What needs to be done: Line by line, copy out the entries exactly and leave the pictures behind.

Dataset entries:
_ _ _ _ _

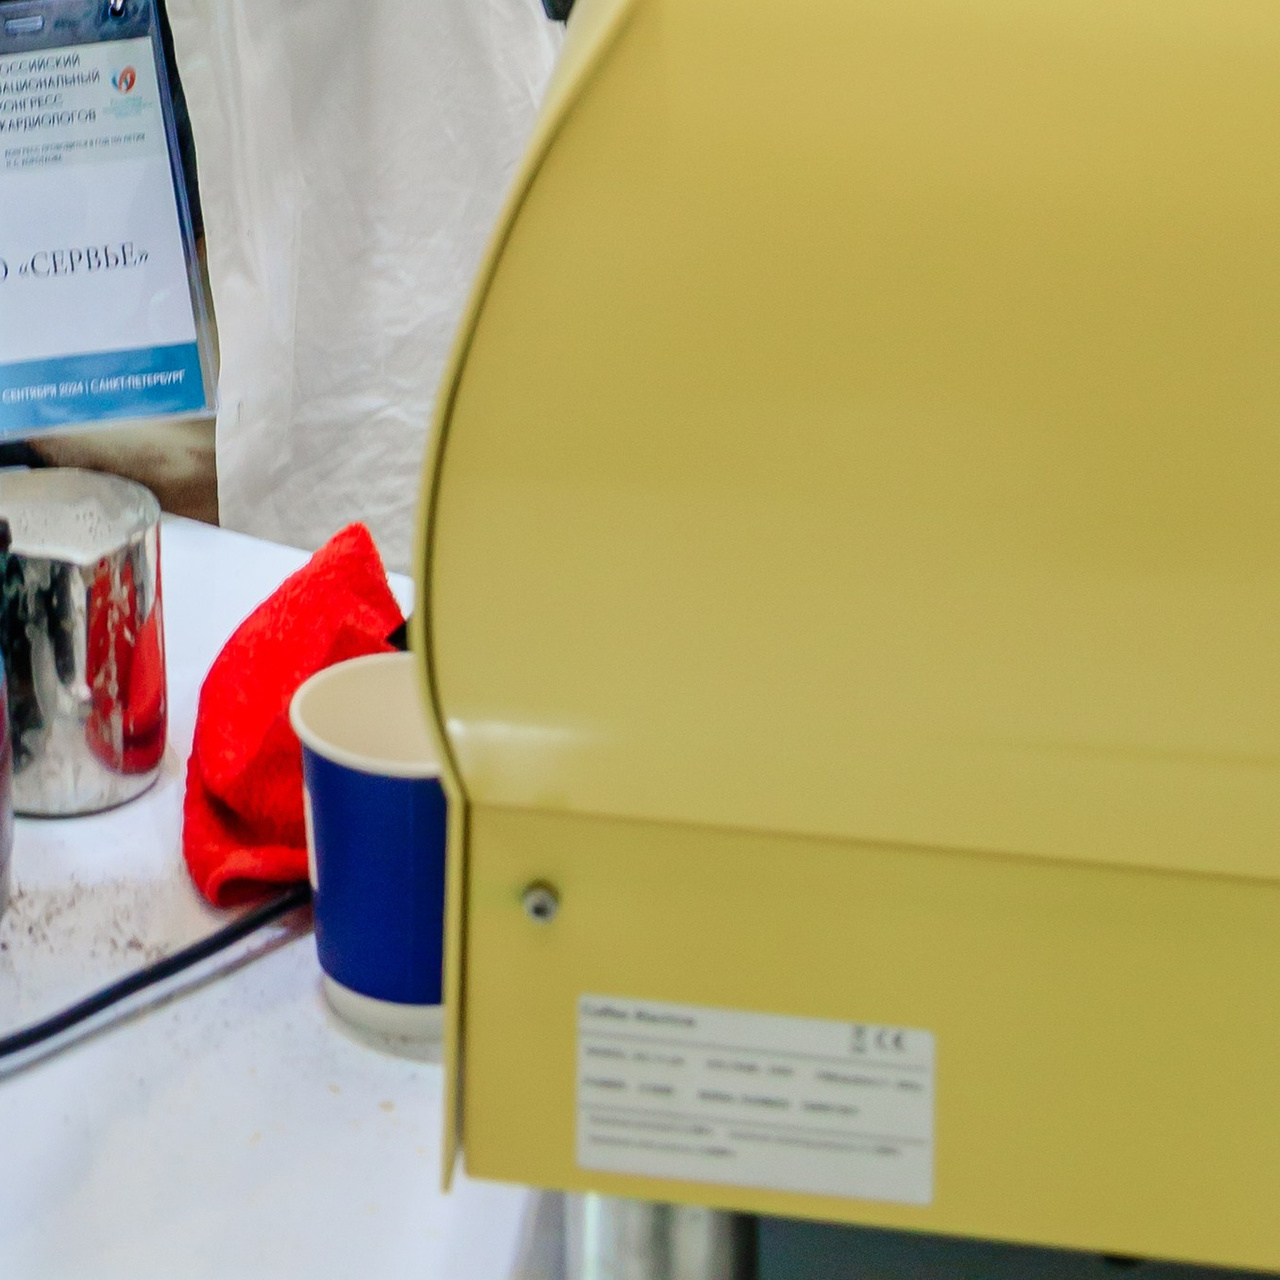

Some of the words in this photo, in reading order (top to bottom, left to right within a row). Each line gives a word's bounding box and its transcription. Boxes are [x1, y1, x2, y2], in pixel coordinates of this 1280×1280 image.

[0, 108, 97, 133] КАРДИОЛОГОВ
[19, 242, 149, 279] «СЕРВЬЕ»
[2, 384, 56, 403] СЕНТЯБРЯ
[91, 369, 186, 395] САНКТ-ПЕТЕРБУРГ
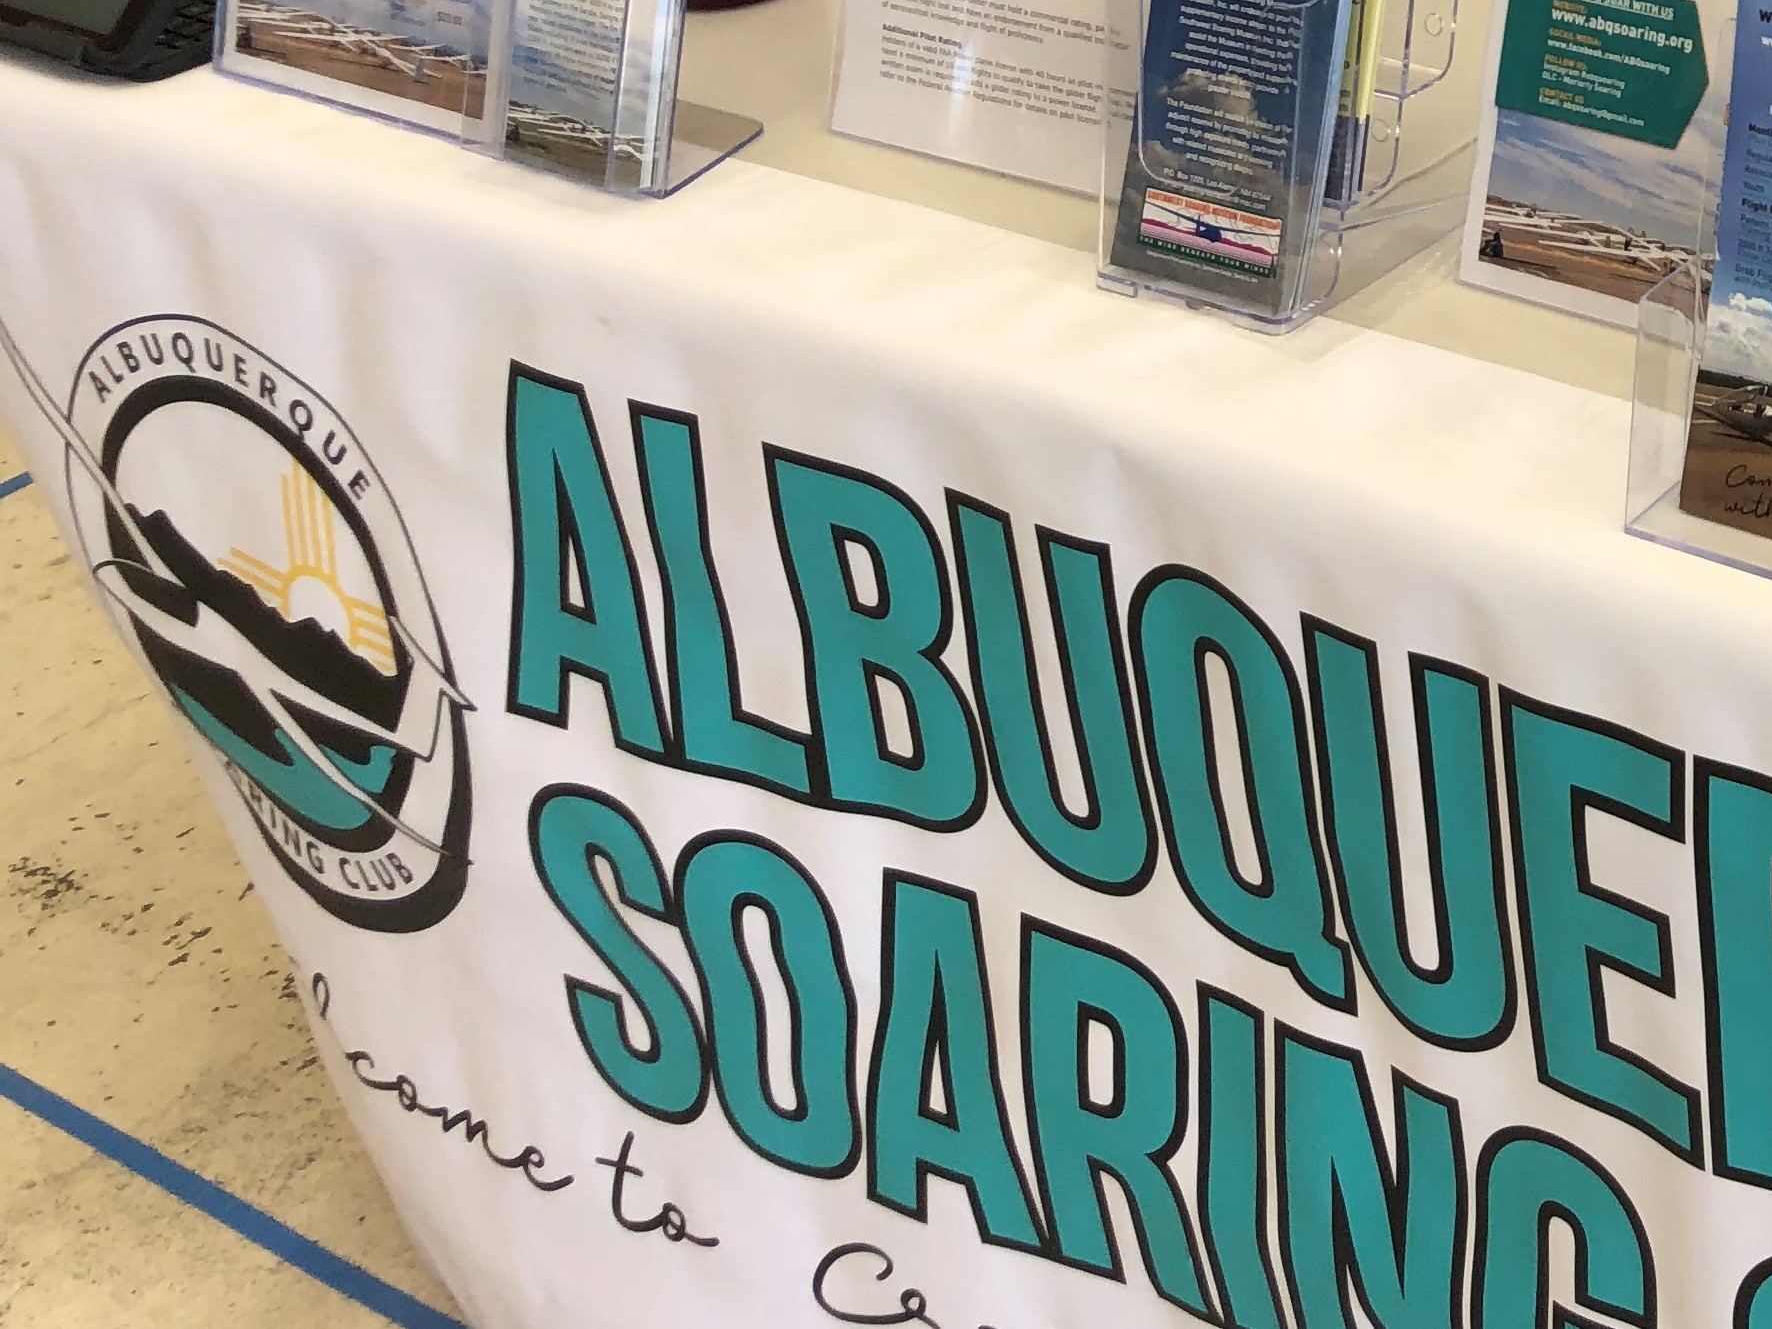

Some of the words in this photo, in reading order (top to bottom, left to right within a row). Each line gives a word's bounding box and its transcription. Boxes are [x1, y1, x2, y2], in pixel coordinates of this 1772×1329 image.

_ _ _ _ _

Worked solution:
Some of the words in this photo, in reading order (top to bottom, left to right within a row). Each line gives a word's bounding box and its transcription. Boxes are [x1, y1, x2, y2], in pixel coordinates of this 1280×1280 image.

[0, 108, 97, 133] КАРДИОЛОГОВ
[19, 242, 149, 279] «СЕРВЬЕ»
[2, 384, 56, 403] СЕНТЯБРЯ
[91, 369, 186, 395] САНКТ-ПЕТЕРБУРГ

Some of the words in this photo, in reading order (top to bottom, left to right within a row). Each line gives a word's bounding box and its transcription. Boxes are [x1, y1, x2, y2], in pixel coordinates of this 1772×1329 image.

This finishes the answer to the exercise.